Rispetto a Una festa in Via dei Giardini, la scena si sposta, in buona parte dei casi, dalle cucine dei condomini agli orti – sui tetti, sul balcone, urbani, nei giardini pubblici, improvvisati –, allestendo un ricettario mensile, con ingredienti, dosi e procedimento. Una sorta di calendario stagionale della biodiversità, con consigli pratici sulla coltivazione.
A maggio per esempio, «poco lontano, su un balcone, la signora Cardi immagina come sarebbe vivere dentro un baccello di piselli. Al calduccio, nella rotondità perfetta, nella gioia perfetta». E si appresta a preparare una vellutata di piselli, menta e basilico.

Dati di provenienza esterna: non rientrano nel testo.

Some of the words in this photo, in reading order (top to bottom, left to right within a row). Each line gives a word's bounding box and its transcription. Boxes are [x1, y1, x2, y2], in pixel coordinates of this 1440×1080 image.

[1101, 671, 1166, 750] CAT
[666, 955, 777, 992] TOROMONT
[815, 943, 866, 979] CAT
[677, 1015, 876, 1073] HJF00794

Coltivando un piccolo orto, persino dentro un vaso, si scoprono i valori della cura, della libertà al di fuori delle mura domestiche (l’autrice pone l’accento sul periodo pandemico, durante il quale è nato il libro), della condivisione e della comunità. Anche perché poi arriva la stagione dei picnic e tutta la città si anima.

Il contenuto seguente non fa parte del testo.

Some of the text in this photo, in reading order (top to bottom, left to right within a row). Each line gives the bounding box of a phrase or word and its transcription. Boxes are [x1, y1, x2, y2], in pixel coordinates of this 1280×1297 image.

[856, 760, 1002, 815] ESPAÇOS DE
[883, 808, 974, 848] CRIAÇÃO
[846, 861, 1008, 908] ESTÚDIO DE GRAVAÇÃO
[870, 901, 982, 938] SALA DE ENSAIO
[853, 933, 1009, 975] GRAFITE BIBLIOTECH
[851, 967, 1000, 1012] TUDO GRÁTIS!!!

Fin dall’uscita lo avevo puntato, attratta anche da copertina e titolo. La sorpresa è stata trovare una lettura scorrevole, catapultata al momento giusto.
Nella campagna del Sussex, più precisamente a Ditchling, si trova Il cottage degli uccelli. Eva Meijer (trad. Stefano Musilli, Nottetempo) ricostruisce la vita Len Howard, una figura dimenticata, che si è dedicata allo studio delle cinciallegre, in particolar modo. Ha scritto libri, seppur oramai non più pubblicati, risentendo dello snobismo del mondo accademico, che non le ha mai riconosciuto il suo lavoro, perché di tutt’altra formazione. Len suona il violino e suoi piani sono nella musica, ma rivela fin dalla giovinezza i suoi veri interessi, una natura caparbia e anticonformista.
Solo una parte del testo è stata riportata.